··· Input records

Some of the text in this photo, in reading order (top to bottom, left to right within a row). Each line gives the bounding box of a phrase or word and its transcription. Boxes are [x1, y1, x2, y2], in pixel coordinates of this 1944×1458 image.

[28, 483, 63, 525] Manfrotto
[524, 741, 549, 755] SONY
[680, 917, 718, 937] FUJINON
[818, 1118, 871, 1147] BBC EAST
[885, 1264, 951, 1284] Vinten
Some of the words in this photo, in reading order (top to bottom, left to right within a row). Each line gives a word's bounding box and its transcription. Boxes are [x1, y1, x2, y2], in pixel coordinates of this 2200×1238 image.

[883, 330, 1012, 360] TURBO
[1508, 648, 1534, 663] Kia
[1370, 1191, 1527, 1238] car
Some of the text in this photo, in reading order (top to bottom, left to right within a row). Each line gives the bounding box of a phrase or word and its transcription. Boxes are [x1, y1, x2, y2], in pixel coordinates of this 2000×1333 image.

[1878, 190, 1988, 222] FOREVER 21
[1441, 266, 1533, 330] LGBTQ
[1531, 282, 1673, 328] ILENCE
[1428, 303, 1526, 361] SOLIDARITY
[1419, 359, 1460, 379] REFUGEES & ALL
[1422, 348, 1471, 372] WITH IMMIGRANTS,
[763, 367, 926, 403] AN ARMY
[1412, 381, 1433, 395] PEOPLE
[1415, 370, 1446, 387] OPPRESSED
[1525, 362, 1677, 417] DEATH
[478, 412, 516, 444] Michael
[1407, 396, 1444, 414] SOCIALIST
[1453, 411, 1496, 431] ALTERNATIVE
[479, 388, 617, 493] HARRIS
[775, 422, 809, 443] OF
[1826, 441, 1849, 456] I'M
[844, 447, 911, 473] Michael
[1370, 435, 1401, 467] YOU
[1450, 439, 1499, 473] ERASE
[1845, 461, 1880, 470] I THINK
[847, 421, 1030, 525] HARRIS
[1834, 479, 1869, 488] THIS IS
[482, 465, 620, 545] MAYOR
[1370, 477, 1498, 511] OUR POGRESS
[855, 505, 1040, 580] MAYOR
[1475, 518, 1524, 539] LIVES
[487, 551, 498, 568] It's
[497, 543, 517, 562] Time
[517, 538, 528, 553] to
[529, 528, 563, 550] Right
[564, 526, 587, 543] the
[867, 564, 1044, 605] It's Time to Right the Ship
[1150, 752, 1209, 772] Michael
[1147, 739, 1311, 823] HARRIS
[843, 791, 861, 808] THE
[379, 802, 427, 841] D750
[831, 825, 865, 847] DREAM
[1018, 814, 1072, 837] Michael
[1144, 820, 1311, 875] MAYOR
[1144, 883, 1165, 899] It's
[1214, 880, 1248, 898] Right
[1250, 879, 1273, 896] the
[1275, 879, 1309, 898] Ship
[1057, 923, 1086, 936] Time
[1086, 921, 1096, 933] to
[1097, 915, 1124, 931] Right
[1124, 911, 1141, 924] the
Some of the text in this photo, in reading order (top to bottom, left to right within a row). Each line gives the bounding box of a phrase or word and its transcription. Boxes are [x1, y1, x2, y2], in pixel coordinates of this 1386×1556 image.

······

» Task to complete: Please transcribe all of the data above exactly.

» Response area:
Some of the text in this photo, in reading order (top to bottom, left to right within a row). Each line gives the bounding box of a phrase or word and its transcription. Boxes are [x1, y1, x2, y2], in pixel coordinates of this 1944×1458 image.

[28, 483, 63, 525] Manfrotto
[524, 741, 549, 755] SONY
[680, 917, 718, 937] FUJINON
[818, 1118, 871, 1147] BBC EAST
[885, 1264, 951, 1284] Vinten
Some of the words in this photo, in reading order (top to bottom, left to right within a row). Each line gives a word's bounding box and its transcription. Boxes are [x1, y1, x2, y2], in pixel coordinates of this 2200×1238 image.

[883, 330, 1012, 360] TURBO
[1508, 648, 1534, 663] Kia
[1370, 1191, 1527, 1238] car
Some of the text in this photo, in reading order (top to bottom, left to right within a row). Each line gives the bounding box of a phrase or word and its transcription. Boxes are [x1, y1, x2, y2], in pixel coordinates of this 2000×1333 image.

[1878, 190, 1988, 222] FOREVER 21
[1441, 266, 1533, 330] LGBTQ
[1531, 282, 1673, 328] ILENCE
[1428, 303, 1526, 361] SOLIDARITY
[1419, 359, 1460, 379] REFUGEES & ALL
[1422, 348, 1471, 372] WITH IMMIGRANTS,
[763, 367, 926, 403] AN ARMY
[1412, 381, 1433, 395] PEOPLE
[1415, 370, 1446, 387] OPPRESSED
[1525, 362, 1677, 417] DEATH
[478, 412, 516, 444] Michael
[1407, 396, 1444, 414] SOCIALIST
[1453, 411, 1496, 431] ALTERNATIVE
[479, 388, 617, 493] HARRIS
[775, 422, 809, 443] OF
[1826, 441, 1849, 456] I'M
[844, 447, 911, 473] Michael
[1370, 435, 1401, 467] YOU
[1450, 439, 1499, 473] ERASE
[1845, 461, 1880, 470] I THINK
[847, 421, 1030, 525] HARRIS
[1834, 479, 1869, 488] THIS IS
[482, 465, 620, 545] MAYOR
[1370, 477, 1498, 511] OUR POGRESS
[855, 505, 1040, 580] MAYOR
[1475, 518, 1524, 539] LIVES
[487, 551, 498, 568] It's
[497, 543, 517, 562] Time
[517, 538, 528, 553] to
[529, 528, 563, 550] Right
[564, 526, 587, 543] the
[867, 564, 1044, 605] It's Time to Right the Ship
[1150, 752, 1209, 772] Michael
[1147, 739, 1311, 823] HARRIS
[843, 791, 861, 808] THE
[379, 802, 427, 841] D750
[831, 825, 865, 847] DREAM
[1018, 814, 1072, 837] Michael
[1144, 820, 1311, 875] MAYOR
[1144, 883, 1165, 899] It's
[1214, 880, 1248, 898] Right
[1250, 879, 1273, 896] the
[1275, 879, 1309, 898] Ship
[1057, 923, 1086, 936] Time
[1086, 921, 1096, 933] to
[1097, 915, 1124, 931] Right
[1124, 911, 1141, 924] the
Some of the text in this photo, in reading order (top to bottom, left to right within a row). Each line gives the bounding box of a phrase or word and its transcription. Boxes are [x1, y1, x2, y2], in pixel coordinates of this 1386×1556 image.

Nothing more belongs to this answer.